RAW DATA>

####################

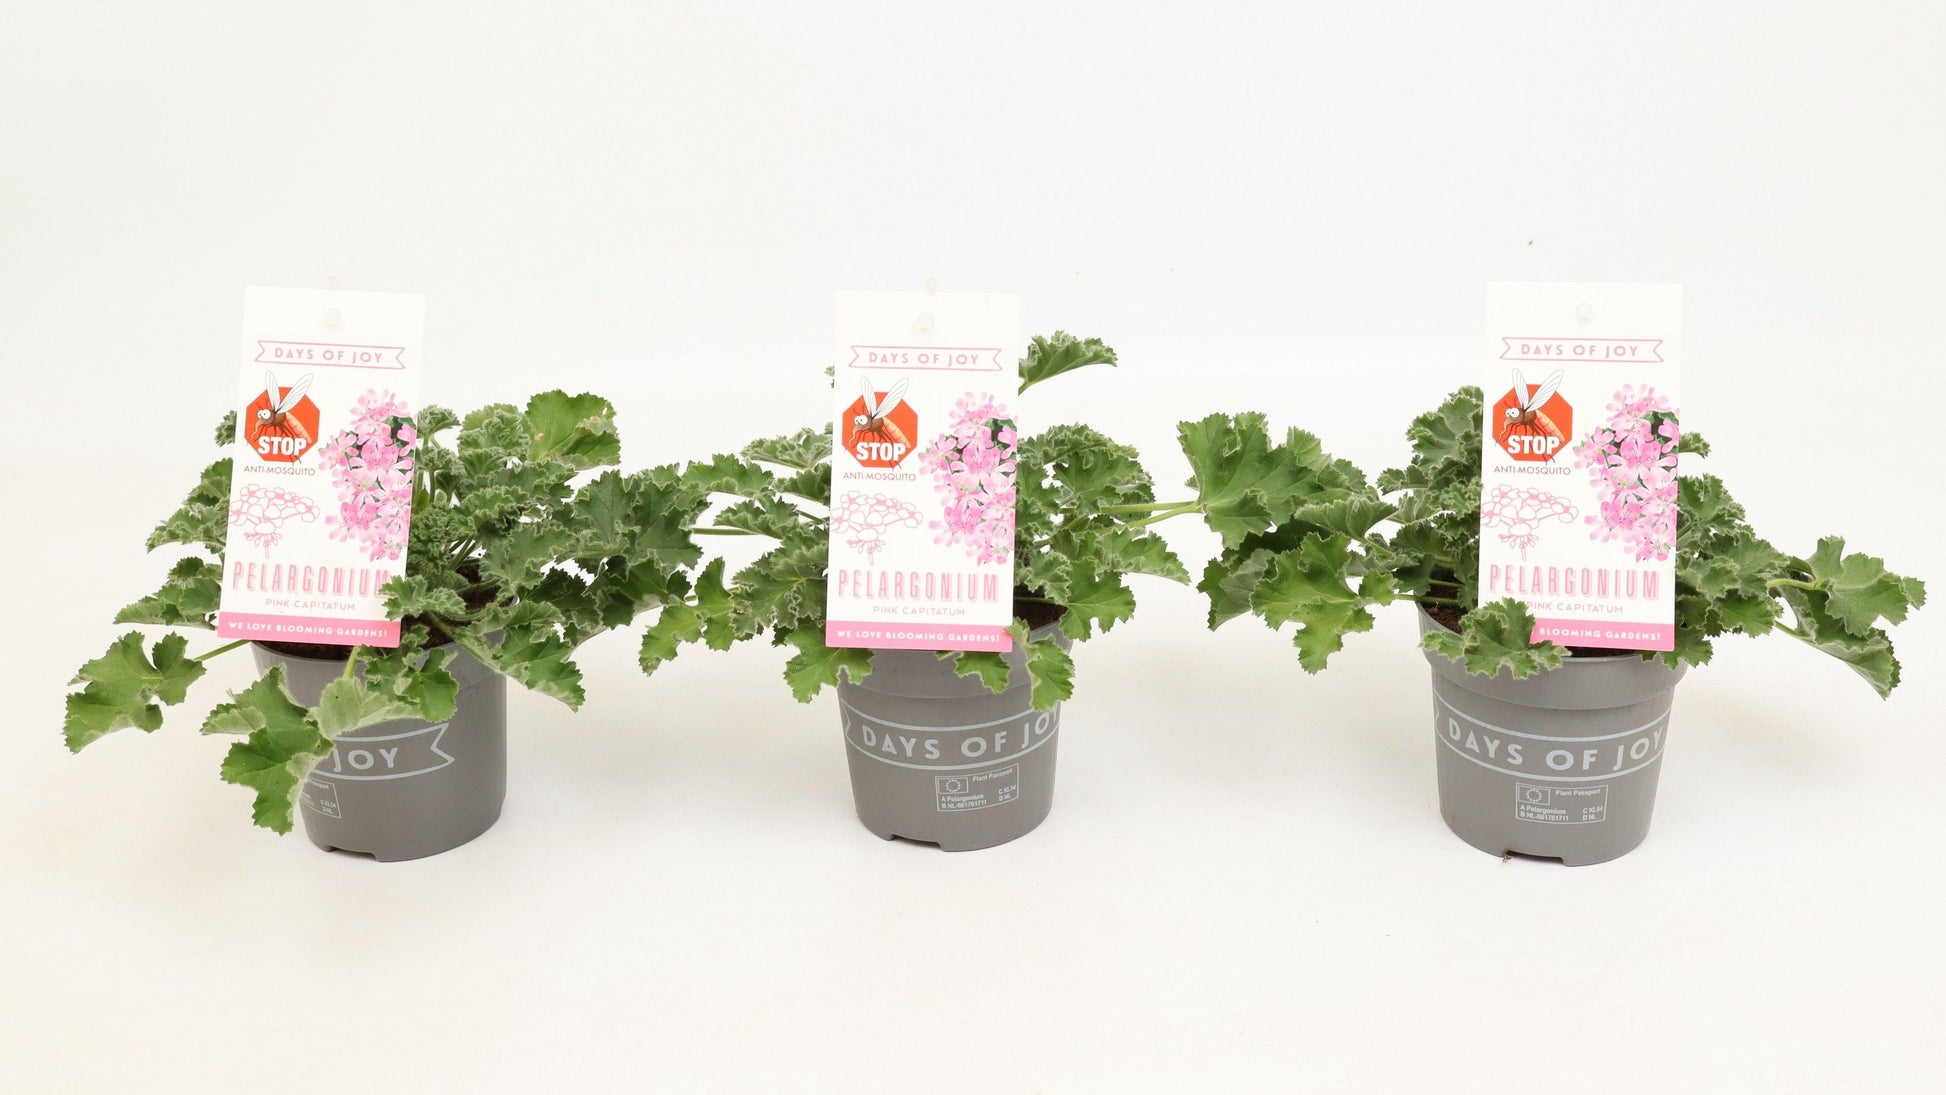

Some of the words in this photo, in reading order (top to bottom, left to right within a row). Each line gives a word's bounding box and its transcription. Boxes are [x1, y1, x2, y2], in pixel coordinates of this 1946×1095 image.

[275, 347, 314, 360] DAYS
[322, 350, 344, 361] OF
[352, 351, 383, 364] JOY
[1521, 344, 1563, 355] DAYS
[1573, 345, 1596, 356] OF
[1605, 345, 1639, 358] JOY
[869, 352, 909, 364] DAYS
[918, 353, 939, 364] OF
[948, 354, 979, 367] JOY
[258, 436, 307, 456] STOP
[1507, 435, 1560, 455] STOP
[855, 442, 906, 462] STOP
[244, 465, 315, 476] ANTI-MOSQUITO
[1493, 465, 1571, 475] ANTI-MOSQUITO
[842, 472, 916, 482] ANTI-MOSQUITO
[838, 569, 999, 603] PELARGONIUM
[1489, 564, 1659, 601] PELARGONIUM
[265, 598, 289, 608] PINK
[294, 600, 356, 611] CAPITATUM
[1527, 601, 1552, 610] PINK
[1557, 602, 1624, 614] CAPITATUM
[873, 606, 898, 615] PINK
[902, 606, 965, 617] CAPITATUM
[247, 623, 272, 631] LOVE
[276, 624, 332, 635] BLOOMING
[337, 627, 387, 638] GARDENS!
[856, 631, 881, 639] LOVE
[886, 631, 944, 641] BLOOMING
[948, 633, 1000, 643] GARDENS!
[1540, 628, 1601, 638] BLOOMING
[1605, 630, 1661, 641] GARDENS!
[862, 724, 940, 760] DAYS
[960, 731, 1007, 758] OF
[1448, 716, 1524, 765] DAYS
[1546, 749, 1598, 770] OF
[1613, 726, 1664, 771] JOY
[333, 747, 398, 772] JOY
[988, 768, 1013, 779] Passport
[947, 794, 984, 803] Pelargonium
[1573, 788, 1600, 796] Passport
[1527, 805, 1566, 814] Pelargonium

####################

Exactly as they stand, set down all of the entries above, minus every picture.

EXERCISE OUTPUT>
Some of the words in this photo, in reading order (top to bottom, left to right within a row). Each line gives a word's bounding box and its transcription. Boxes are [x1, y1, x2, y2], in pixel coordinates of this 1946×1095 image.

[275, 347, 314, 360] DAYS
[322, 350, 344, 361] OF
[352, 351, 383, 364] JOY
[1521, 344, 1563, 355] DAYS
[1573, 345, 1596, 356] OF
[1605, 345, 1639, 358] JOY
[869, 352, 909, 364] DAYS
[918, 353, 939, 364] OF
[948, 354, 979, 367] JOY
[258, 436, 307, 456] STOP
[1507, 435, 1560, 455] STOP
[855, 442, 906, 462] STOP
[244, 465, 315, 476] ANTI-MOSQUITO
[1493, 465, 1571, 475] ANTI-MOSQUITO
[842, 472, 916, 482] ANTI-MOSQUITO
[838, 569, 999, 603] PELARGONIUM
[1489, 564, 1659, 601] PELARGONIUM
[265, 598, 289, 608] PINK
[294, 600, 356, 611] CAPITATUM
[1527, 601, 1552, 610] PINK
[1557, 602, 1624, 614] CAPITATUM
[873, 606, 898, 615] PINK
[902, 606, 965, 617] CAPITATUM
[247, 623, 272, 631] LOVE
[276, 624, 332, 635] BLOOMING
[337, 627, 387, 638] GARDENS!
[856, 631, 881, 639] LOVE
[886, 631, 944, 641] BLOOMING
[948, 633, 1000, 643] GARDENS!
[1540, 628, 1601, 638] BLOOMING
[1605, 630, 1661, 641] GARDENS!
[862, 724, 940, 760] DAYS
[960, 731, 1007, 758] OF
[1448, 716, 1524, 765] DAYS
[1546, 749, 1598, 770] OF
[1613, 726, 1664, 771] JOY
[333, 747, 398, 772] JOY
[988, 768, 1013, 779] Passport
[947, 794, 984, 803] Pelargonium
[1573, 788, 1600, 796] Passport
[1527, 805, 1566, 814] Pelargonium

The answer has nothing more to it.